Isle of Man-based VIP business aviation services provider The Private Jet is gearing up to expand its operation and global reach to exploit the demand for bespoke aircraft management from a growing niche of very high-net-worth individuals.
The three-year-old company – which provides turnkey solutions for business aircraft buyers and owners – is building the Isle of Man’s first dedicated fixed-base operation and VIP passenger terminal at the island’s airport to cater for the wealthy travellers.
“We are responding to customer demand for high-quality business aviation facilities at the airport – which is the face of the island. We don’t have this at the moment,” says The Private Jet managing director Tony Corlett.
The Private Jet manages six business aircraft on behalf of its owners. These are placed on the Manx register – the only one in the world dedicated solely to registering private aircraft – and are not available for charter. “We plan to double our managed fleet and the new facility will give ample room to expand,” says Corlett.
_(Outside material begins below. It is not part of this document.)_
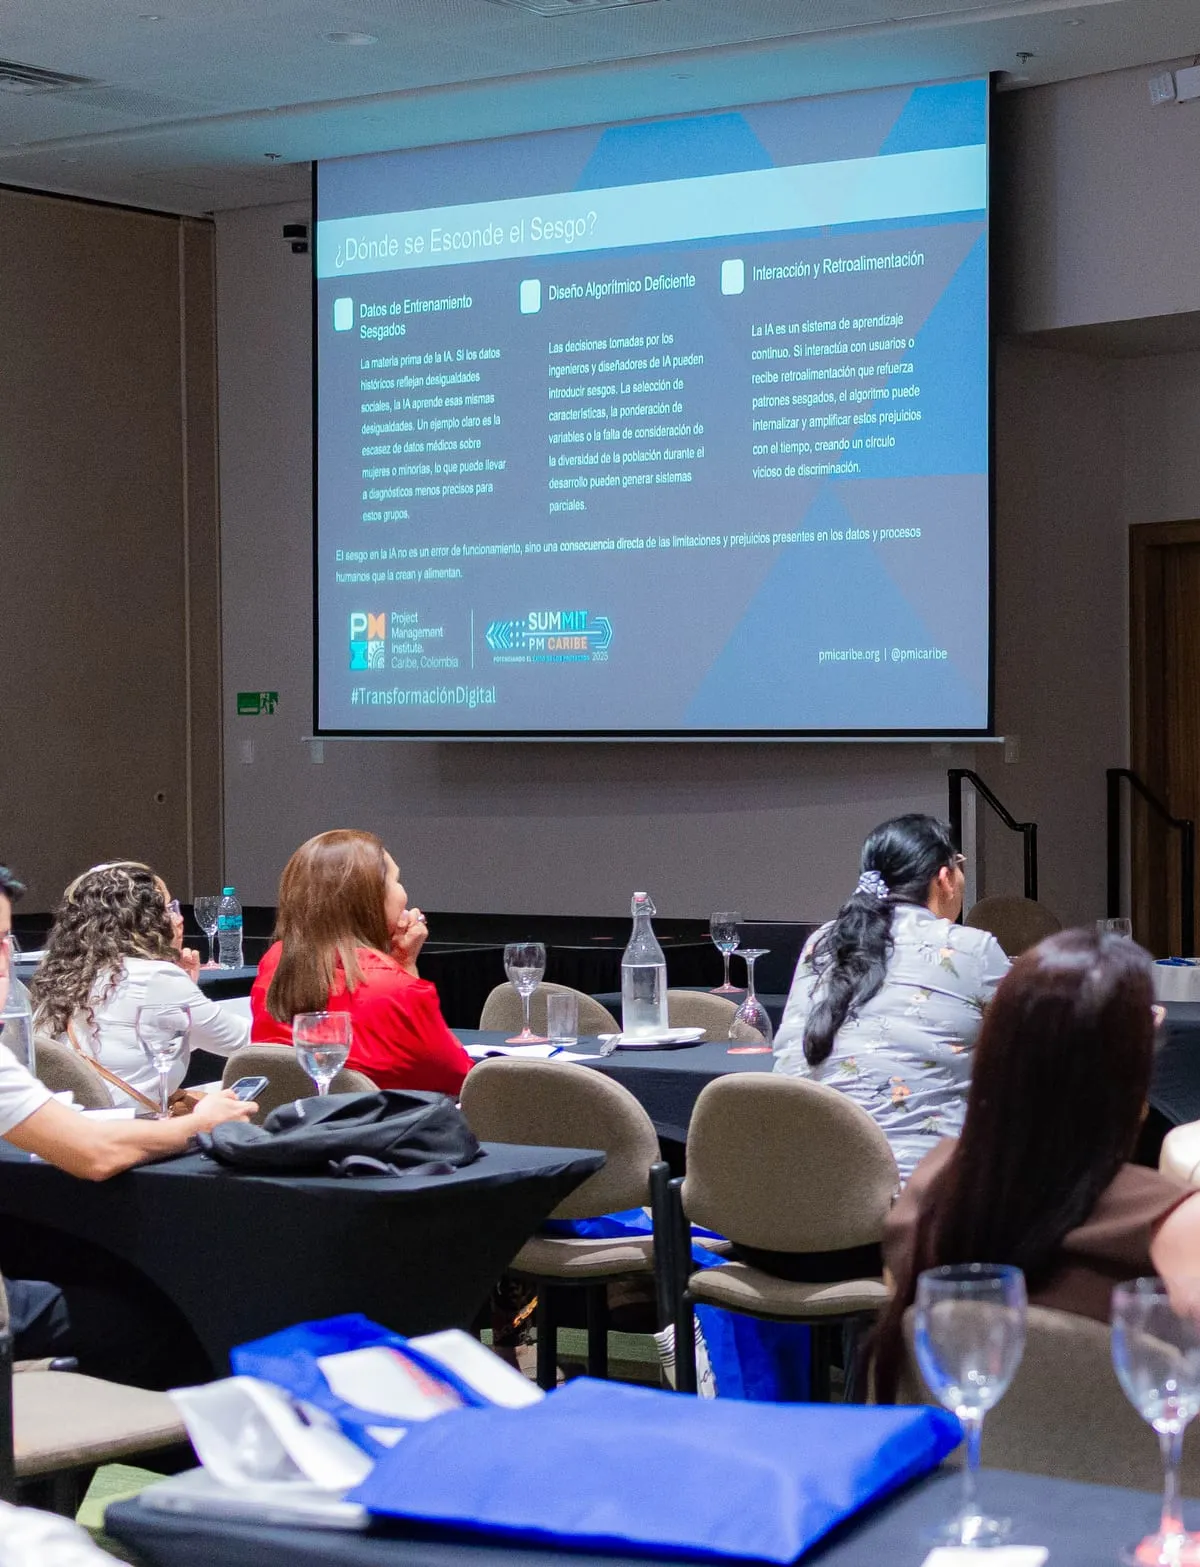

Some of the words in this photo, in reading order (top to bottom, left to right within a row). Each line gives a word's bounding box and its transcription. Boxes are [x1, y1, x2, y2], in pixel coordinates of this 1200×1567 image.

The firm is investing over US 4.8 million in the FBO, which will be built in two phases, starting in 2011. “This is to give us 5,000m2 [53,820ft2] of hangar space and help to encourage more international business aircraft owners to the island – a British dependency in the Irish Sea – which has excellent tax benefits and a sound financial structure.”
The Private Jet has focused on the European and US markets to date but hopes to widen its customer base to the Middle East and Asia, which has a growing pool of wealthy individuals who have no need or desire to sell excess hours to the charter market.
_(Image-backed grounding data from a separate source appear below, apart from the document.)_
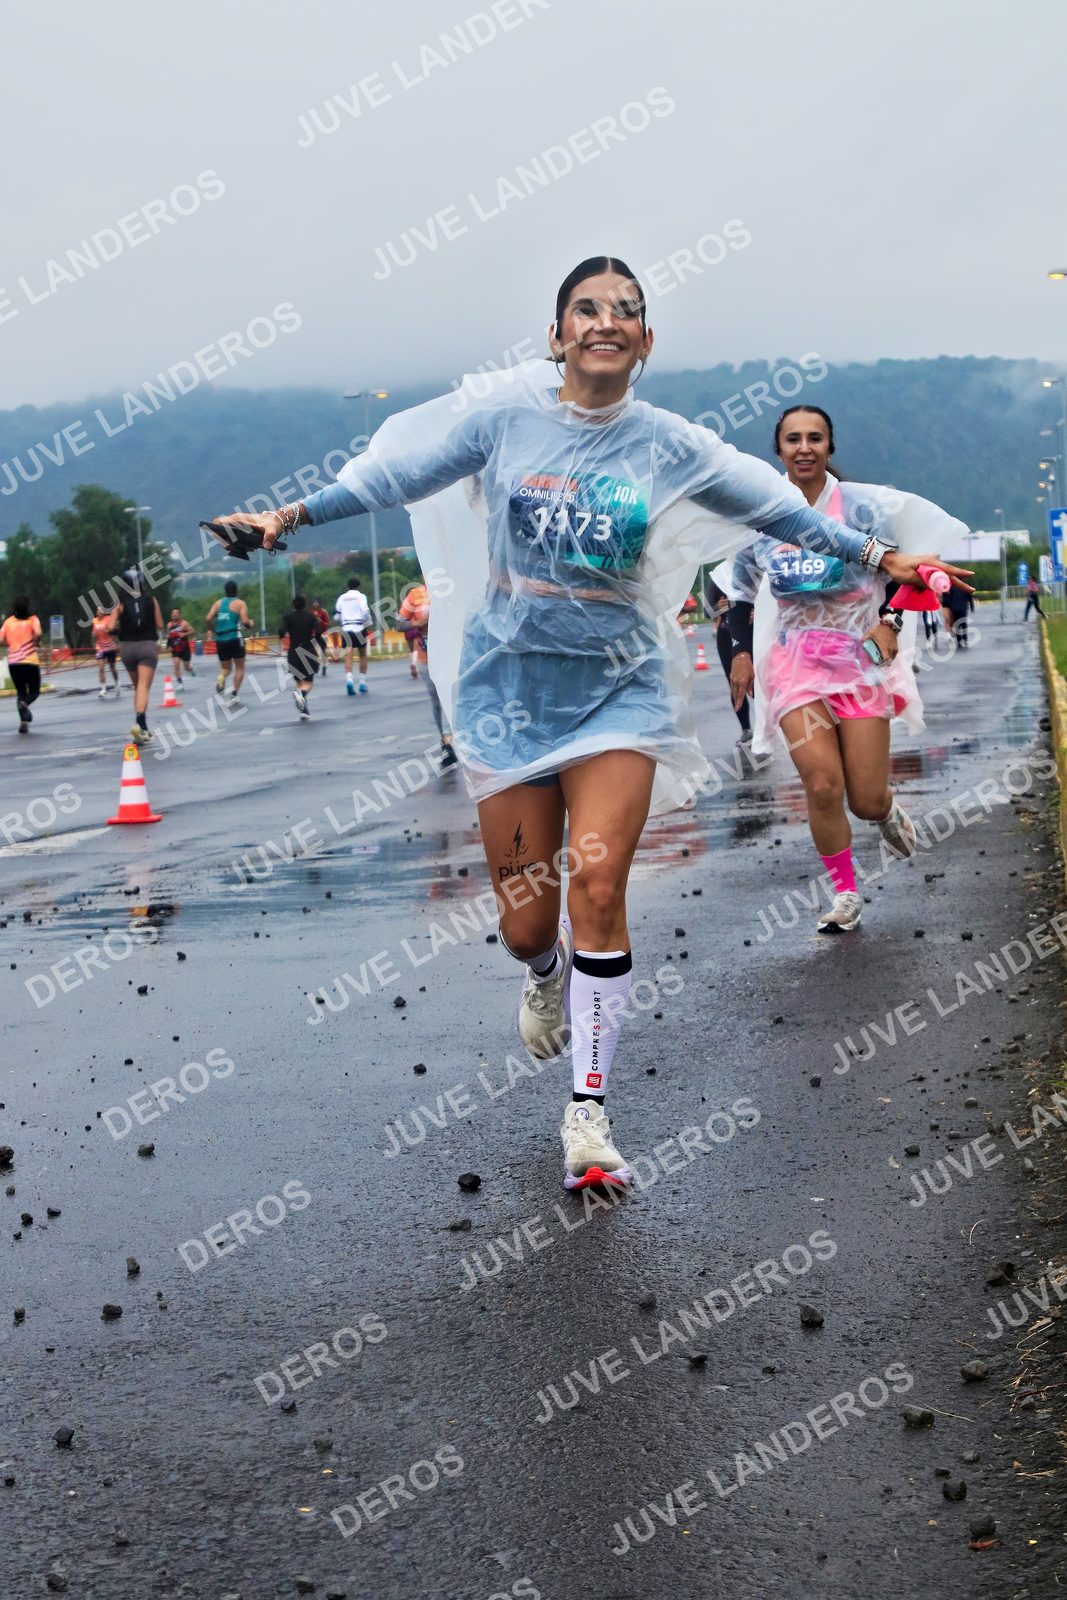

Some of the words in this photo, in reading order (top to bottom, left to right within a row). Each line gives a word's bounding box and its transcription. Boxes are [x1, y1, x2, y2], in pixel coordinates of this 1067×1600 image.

[614, 485, 639, 505] 10K
[534, 506, 612, 541] 1173
[781, 558, 825, 578] 1169
[591, 990, 601, 1071] COMPRESSPORT
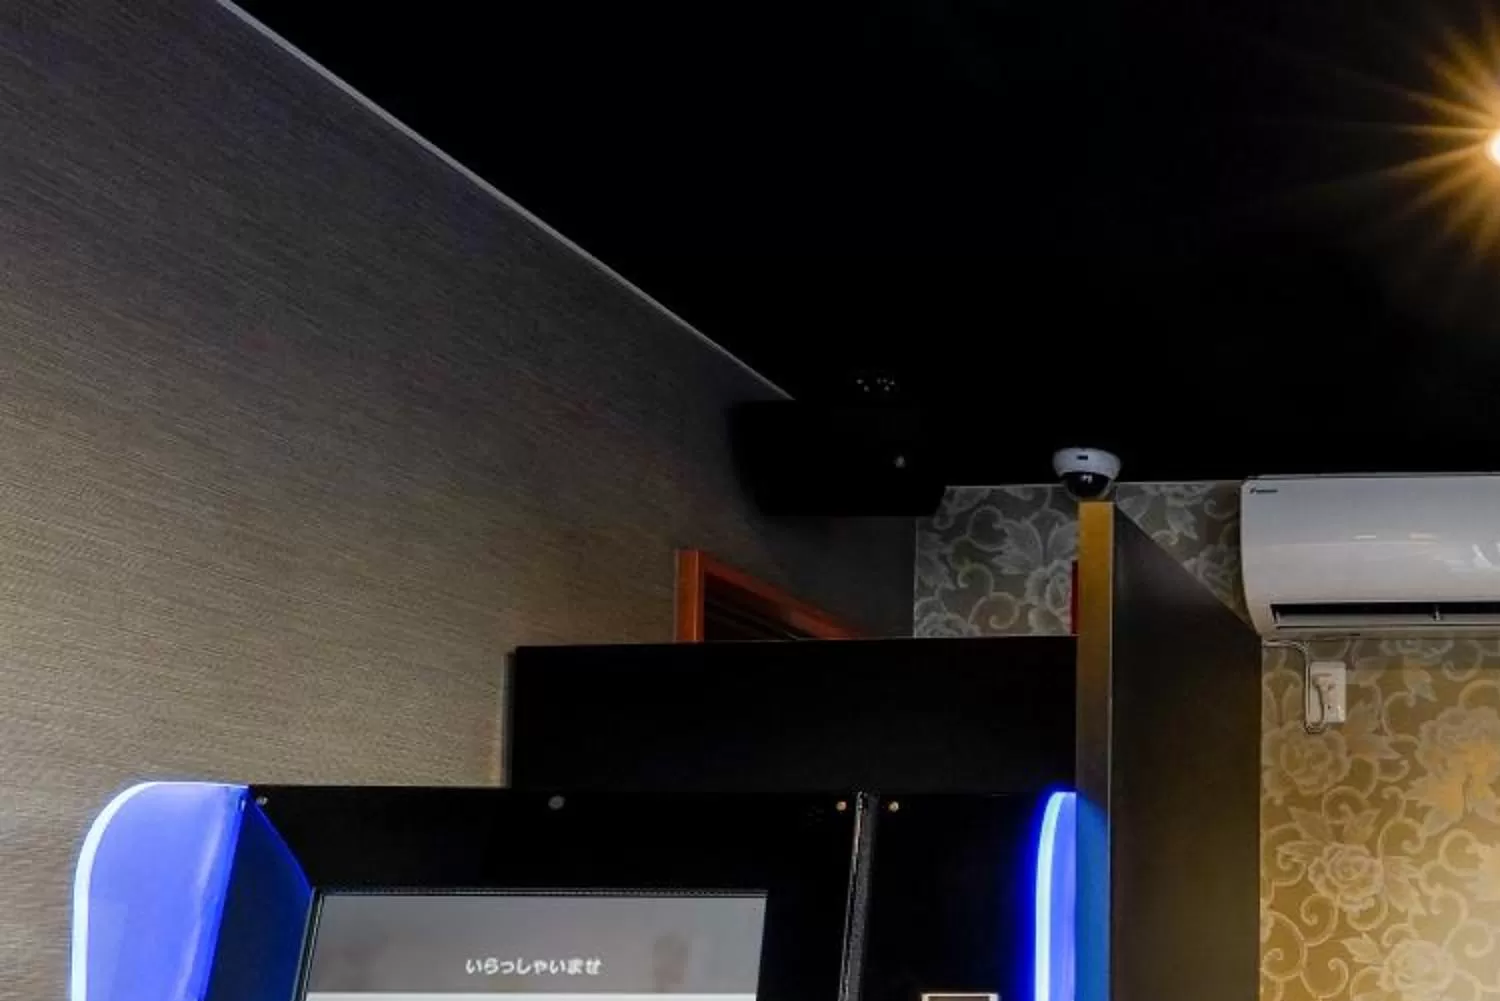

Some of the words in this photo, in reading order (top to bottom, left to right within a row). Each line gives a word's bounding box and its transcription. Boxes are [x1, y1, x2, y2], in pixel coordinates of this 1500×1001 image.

[465, 957, 602, 975] いらっしゃいませ
“This market has not been impacted by the recession. For these owners, business jet travel is a lifestyle choice and they will not comprise that,” says Corlett.
Meanwhile, the Isle of Man registry has over 300 business aircraft and helicopters, three and a half years after it was established. New registrations of M-prefixed business aircraft will reach 120 this year – 56 of which were added in the first six months of the year, says Brian Johnson, the island’s first director of civil aviation.